3,4-Methylenedioxymethamphetamine (MDMA) and fenfluramine are amphetamine analogues that both cause long-term depletion of serotonin (5-HT) and 5-HT uptake sites in brain tissue. Depletion caused by these amphetamines is commonly measured by labeling 5-HT uptake sites using 3H-paroxetine combined with autoradiography or, alternatively measuring the concentration of 5-HT in tissue using high-performance liquid chromatography (HPLC). A close correlation between the 5-HT concentration measured in micropunch samples and the density of 3H-paroxetine-labeled 5-HT uptake sites measured in corresponding 20 micron coronal slices was determined (R2 = 0.92). These methods combined demonstrated that the glycine-site specific NMDA antagonist ACEA 1021 (4 x 30 mg/kg, i.p., 2 hourly) given 30 minutes before (S)-MDMA (4 x 10 mg/kg, i.p., 2 hourly) was able to prevent the depletion of both 5-HT content and uptake site density but unable to prevent the depletion of 5-HT content and uptake site density caused dexfenfluramine (4 x 15 mg/kg, i.p., 2 hourly).
 
Naaaaaahhhh!!!!!

ACEA and ACEA 1021 are not the same!

ACEA = N-arachidonoyl-2-chloroethylamine; mode of action: CB-agonist
ACEA 1021 = 5-nitro-6,7-dichloro-1,4-dihydroquinoxaline-2,3-dione, mode of action: NMDA-antagonist (glycine site)

For the latter, see e.g. Molecular Pharmacology 1995, 47(3), pp.568-581. And btw, this was written in the abstracts that you cited above!
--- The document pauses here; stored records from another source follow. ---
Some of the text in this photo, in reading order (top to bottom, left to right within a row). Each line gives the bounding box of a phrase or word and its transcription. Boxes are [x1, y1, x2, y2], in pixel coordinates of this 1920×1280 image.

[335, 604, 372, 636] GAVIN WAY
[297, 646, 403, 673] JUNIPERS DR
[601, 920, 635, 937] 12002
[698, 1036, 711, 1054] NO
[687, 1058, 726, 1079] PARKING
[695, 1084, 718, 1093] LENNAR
Did you actually read them or was it just a copy/paste kinda action?

- Murphy
 
What's that Chlorine molecule doing there.. eww.

Anandamide analogues are quite fascinating, though.
 
^ I think they could have potential as antidepressants. Not this one though :( Since drug companies can't patent things that exist in nature, they have to mess with naturally occuring CB1 agonists significantly enough to patent them in order to keep their profit margin in line with their executives standards of living :/

Side note, how was marinol patented? Does it have something to do with the sesame oil solution or the synthesis method? Ugh... Patent law and profit motive in medicine.....
 
Chlorine there looks bad indeed, seems like its gonna be covalently bonded to the receptor :S
(ie, stick to the receptor permanently until the body repair it)

So it makes me stoned for long periods?
 
So it makes me stoned for long periods?

No. Upon covalent binding, the physiological response (i.e. the feeling of being stoned) doesn't last that much longer than with non-covalently binding ligands for several reasons. E.g.: Receptor downregulation, receptor internalization (followed by metabolization).
In the medium- to long-term, covalently binding ligands are a total desaster for the homeostasis of the brain's neurotransmitter storages resp. signaling networks.

As final note: Who says that it is just the CB1-receptor that can get alkylated? Although the probability may be higher due to the binding event (good positioning into a narrow pocket = higher probability of finding a suitable binding partner), molecules like ACEA can in principle anything in their way. Not good!